SATS LTD. (SGX:S58)
SATS - Quiet Skies, Not Time Yet
- SATS share price took a year during GFC to normalise to 15x forward P/E then. It now trades at c.30x FY22F P/E, implies a sharp recovery.
- Our base case assumes SATS (SGX:S58) returns to profitability in 4QFY21F (Jan-Mar 21), at the earliest, given the magnitude of global lockdown.
- We expect a loss of S$101m for FY21F and a profit of S$119m for FY22F (48% lower than FY19). Dividend yield (if any) at 2%. Maintain Reduce.
Daily departures in Asia Pacific deteriorated c.90% in Mar 20
- As lockdowns heightened, global flight departures are only at 2,071/day now or 7% of where we were in the beginning of Mar of 28,715. Similarly, daily departures in Asia Pacific fell c.90% to 453 flights (from 4,447).
- Corresponding to the quiet aviation sector, Singapore Changi Airport will suspend Terminal 2 (28m passengers handling capacity) from 1 May 2020 for 18 months to expedite the expansion works. This reduces Singapore’s overall passengers handling capacity by 30%.
- Operations at Terminal 4 (7m passengers, 9% of overall capacity) have also been scaled down as key airlines such as Cathay Pacific and Air Asia slashed capacity. We do not rule out further closure of T4.

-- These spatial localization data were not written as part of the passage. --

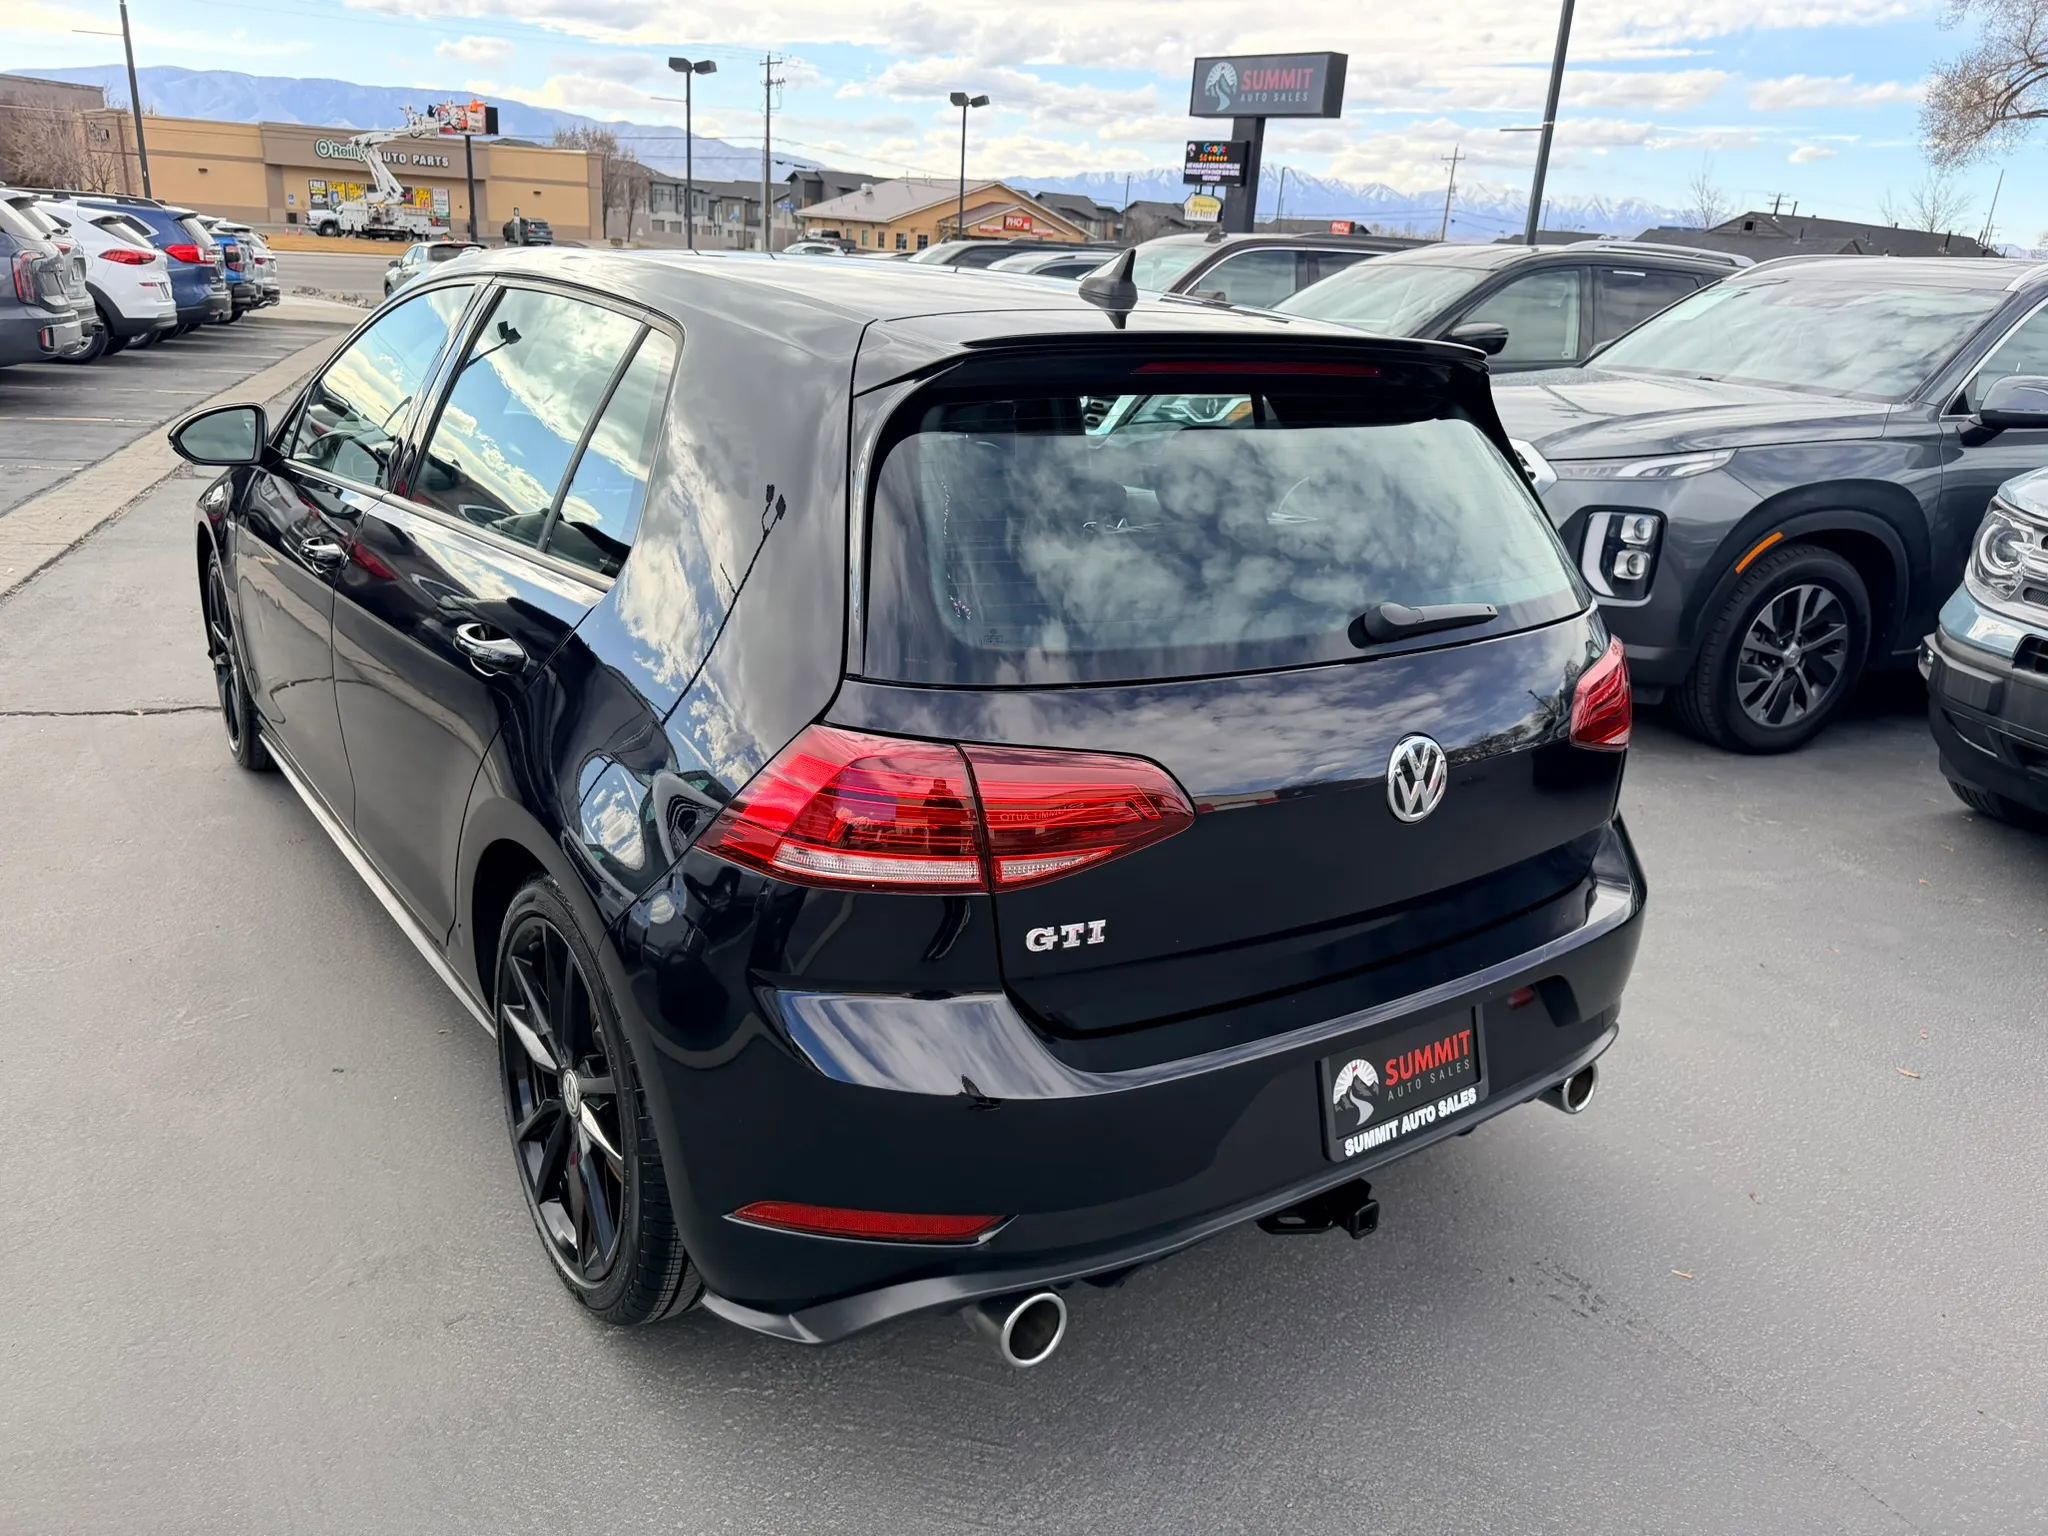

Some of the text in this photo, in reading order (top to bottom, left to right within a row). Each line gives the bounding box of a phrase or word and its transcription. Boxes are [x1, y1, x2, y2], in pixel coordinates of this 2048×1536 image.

[1241, 67, 1313, 91] SUMMIT
[1240, 91, 1308, 102] AUTO SALES
[381, 152, 407, 164] UTO
[412, 154, 449, 167] PARTS
[1203, 143, 1228, 156] Google
[1005, 217, 1023, 227] PHO
[1025, 919, 1107, 953] GTI
[1385, 1030, 1471, 1085] SUMMIT
[1388, 1059, 1470, 1101] AUTO SALES
[1344, 1087, 1477, 1156] SUMMIT AUTO SALES

Four consecutive quarters of operating losses
- We factor revenue from aviation to be operating at sub-optimal capacity of 30%/10%/20%/25%/50% for the period of Jan 2020 to Mar 2021 (4Q20F to 4Q21F). We keep the non-aviation revenue from Singapore Food Industries and Country Foods of c.S$160m/quarter.
- We built in a reduction of 15-30% per quarter for staff costs starting 4Q20F. We have also factored in c.S$51m per quarter of job support scheme grant from Singapore government for its 10k aviation-related staff. Even with these, we still expect four quarters of EBIT losses from 4Q20F to 3Q21F (S$44m/S$79m/S$57m/S$27m).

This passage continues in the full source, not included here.